The Era Of Vigilante: How Would Ghana Survive?


Ghana has had her fair share of vigilantism over the years.

Curiously, some Ghanaians are in favour of it, but others also strongly disagree with the whole idea of vigilantism.

But, what does the 1992 constitution of the Republic of Ghana say about vigilantism?

Before this question is answered, let us look at what Vigilantism and Rule of law is?

Vigilantism is the act of taking the law into one’s own hands and attempting to enact justice according to one’s own understanding of right and wrong, an action taken by persons who organize themselves for the purpose of protecting a common interest.

Rule of law is the principle in which all persons, including the state itself are accountable to laws that are publicly promulgated, equally enforced and independently adjudicated and which are consistent with international human rights norms.

Many scholars, attribute the proliferation of vigilante groups in Africa and Ghana to the failure of the security services. The vigilante groups in Ghana are mostly for political purposes.

We have seen the likes of Azorka Boys, Bolga Bull Dogs, Invincible Forces, Bamba Boys and the Kandahar Boys.

Other groups identified included; Aluta Boys, Nima Boys, Salifu Eleven, Zongo Caucus, Veranda Boys, Supreme, Mahama Boys, Delta Force, Badariba, Basuka Boys and Bindiriba.

During the 2016 election, we saw the rise of most of these groups from both the National Democratic Party (NDC) and the New Patriotic Party (NPP) mainly out of mistrust for the security services and the Electoral Commission (EC).

The NPP ahead of the 2016 presidential and parliamentary elections, brought in professionals from South Africa to train their “men” in combat and defence operation.

The groups provided protection for leading members of the party and the ballot. After the NPP won the election, we have seen some of the groups taking actions that they are not supposed to take, making it difficult for the President to put them in check.

The By-elections in Atiwa, Akwaatia, Chereponi, Talensi, Amenfi West and Ayawaso West Wuogon constituencies, have all had their share of  violence perpetuated by these vigilate groups.

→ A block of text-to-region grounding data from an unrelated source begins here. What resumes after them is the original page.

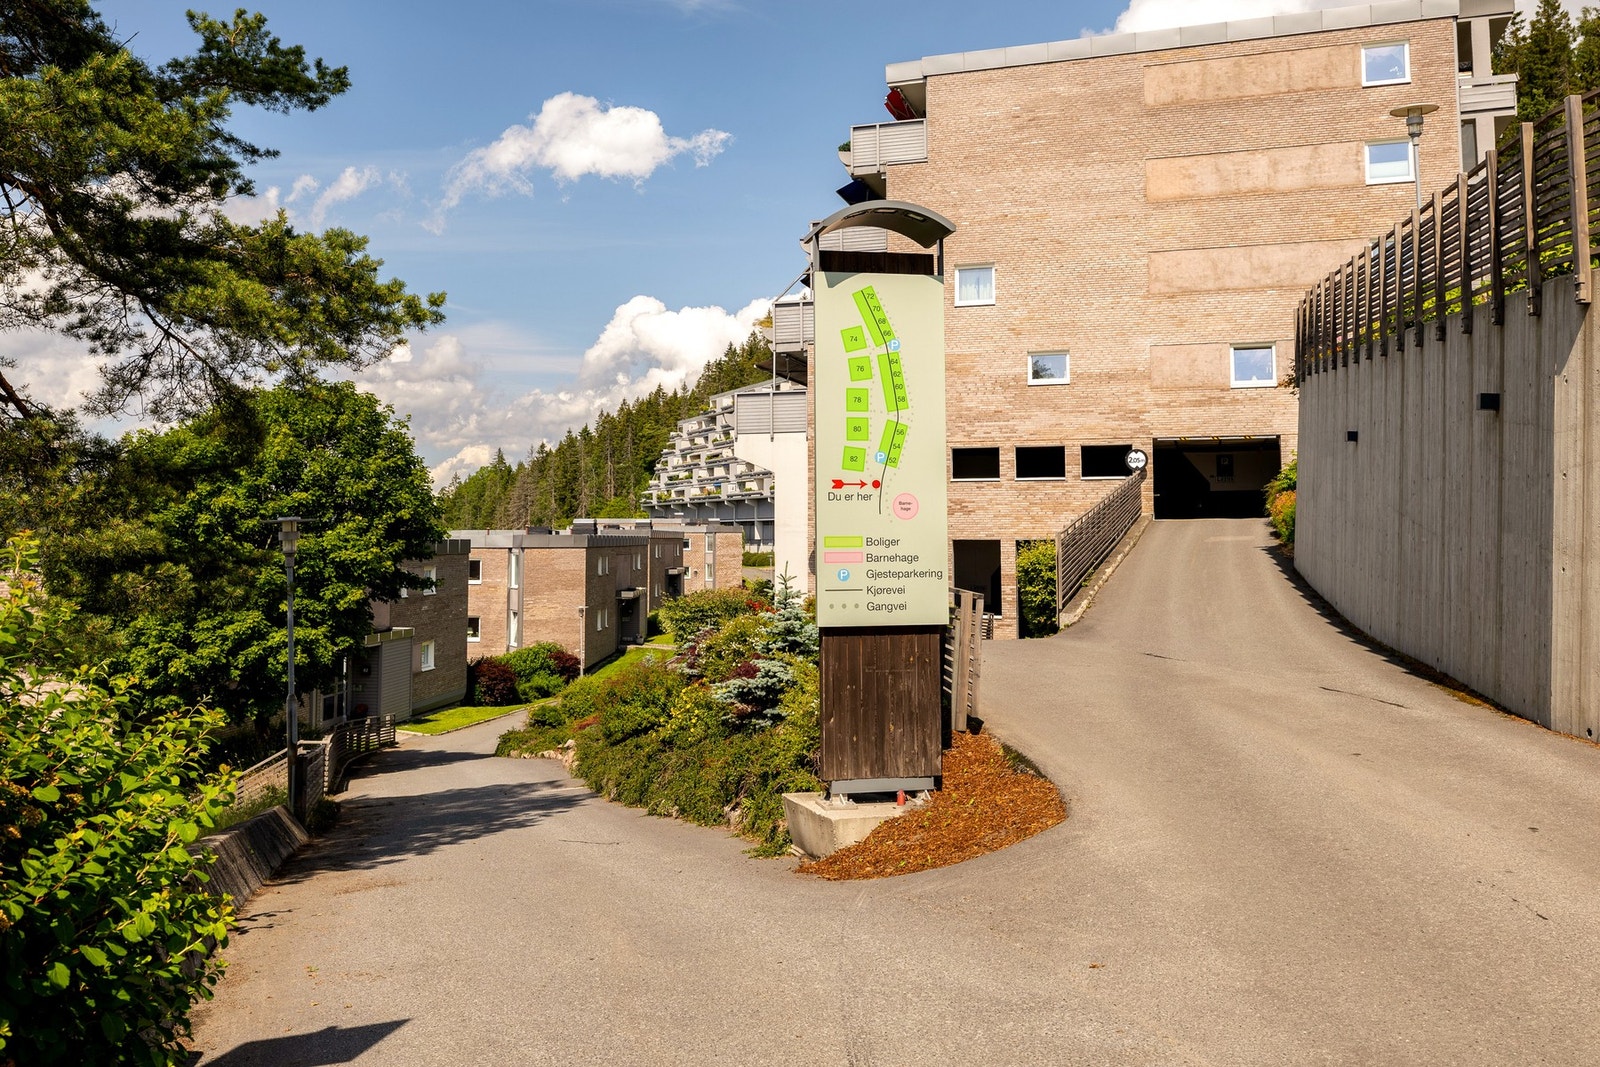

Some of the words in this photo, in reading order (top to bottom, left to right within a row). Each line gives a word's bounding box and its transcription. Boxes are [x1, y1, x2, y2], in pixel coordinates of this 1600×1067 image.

[891, 341, 899, 350] P
[877, 452, 885, 462] P
[827, 491, 842, 501] Du
[844, 493, 856, 501] er
[857, 491, 873, 501] her
[865, 537, 901, 548] Boliger
[866, 553, 920, 564] Barnehage
[840, 569, 848, 580] P
[866, 568, 943, 580] Gjesteparkering
[866, 585, 906, 597] Kjørevei
[866, 601, 907, 613] Gangvei

The most recent one that broke the Camel’s back is the January 31, Ayawaso West Wuogon by-election, where masked men invaded some polling stations to cause mayhem and scare away voters.

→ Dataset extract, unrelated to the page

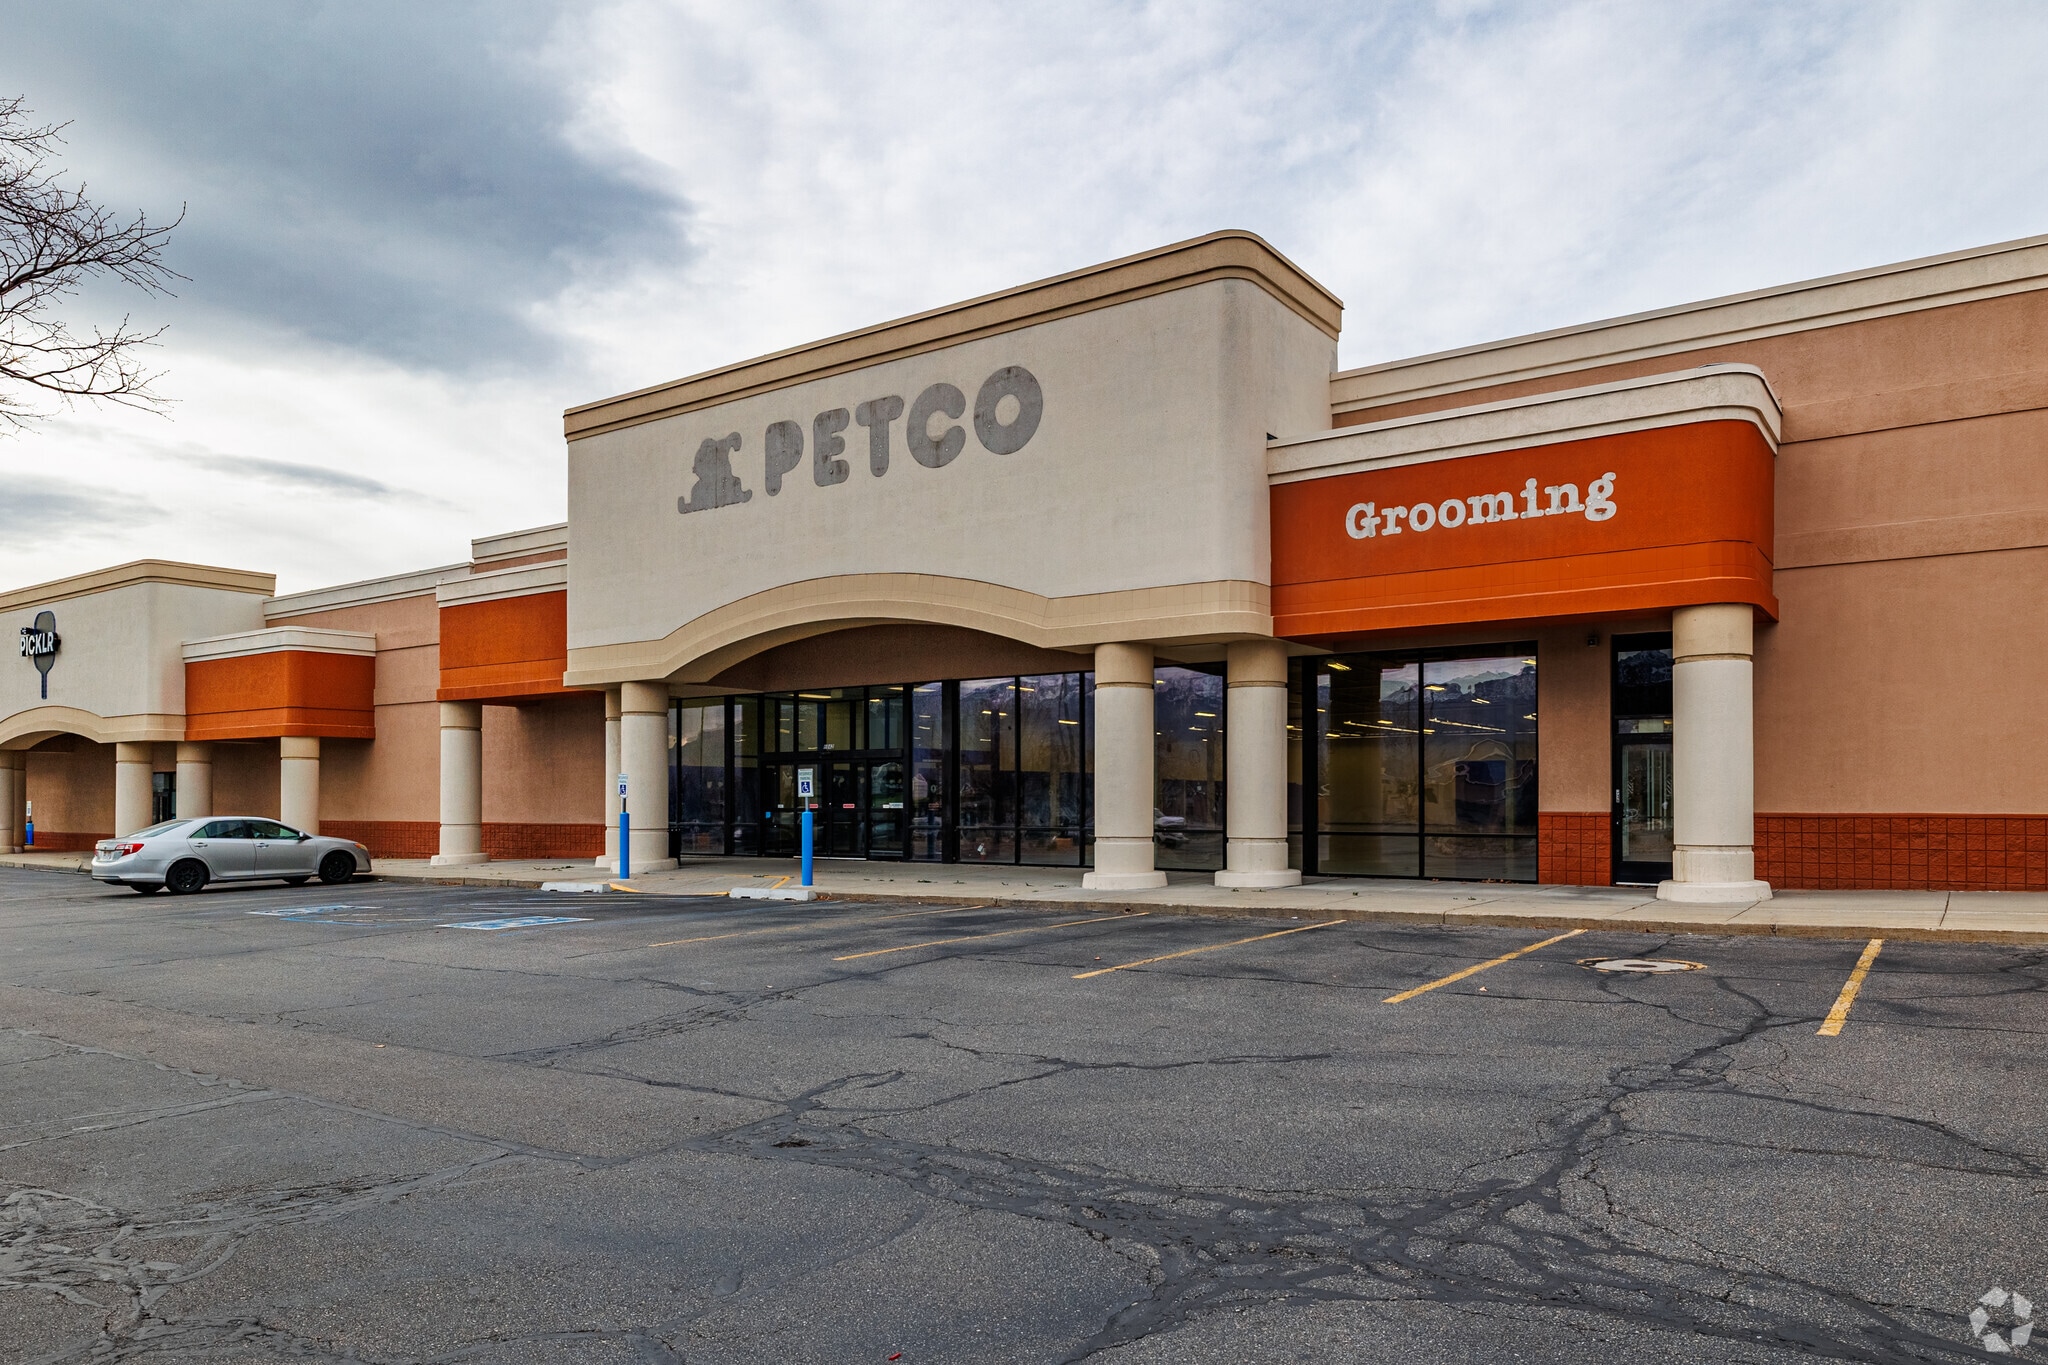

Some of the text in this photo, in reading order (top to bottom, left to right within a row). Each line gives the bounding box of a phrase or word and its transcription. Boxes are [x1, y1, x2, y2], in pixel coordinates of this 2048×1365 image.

[765, 365, 1043, 496] PETCO
[1345, 472, 1617, 539] Grooming
[20, 631, 54, 656] PICKLR

Specifically, the La Bawaleshie polling station, where eighteen people were shot, with others sustaining various degrees of injury.

An election which was supposed to be peaceful, turned out to be violent. If we are seeing masked and gun wielding men in police vehicles during a by-election, what are we going to see in the 2020 general elections?

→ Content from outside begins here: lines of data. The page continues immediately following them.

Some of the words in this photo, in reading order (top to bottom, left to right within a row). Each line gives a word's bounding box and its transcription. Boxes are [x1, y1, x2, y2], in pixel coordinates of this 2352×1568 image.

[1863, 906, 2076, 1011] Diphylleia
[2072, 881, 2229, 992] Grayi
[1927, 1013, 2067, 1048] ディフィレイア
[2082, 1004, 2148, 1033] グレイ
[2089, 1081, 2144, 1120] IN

Under article 21 of the 1992 constitution, there is the freedom of association. However, the activities of such groups, have to be monitored to ensure they do not violate our laws.

Violence drives away investors and create insecurity. If this happens, Ghana will suffer and not just one political party.

Are our leaders willing to risk the 2020 elections to do the right thing or let the citizens of the country pay for their mistakes?



The Vigilante and Related Offensive Bill, seeks to disband political vigilante groups and forbid such acts in the country. The bill is set to be passed under certificate of urgency, which means it needs not to be gazetted before it will be laid before parliament. The vigilante bill ,may be passed into law on April 29, when parliament is recalled.

However, do our leaders have to always wait till the worst happens before taking an action?

How many of our working population do we have to lose for the right thing to be done?

Now that a step has been taken, let us hope our officials, will enforce it when it is passed.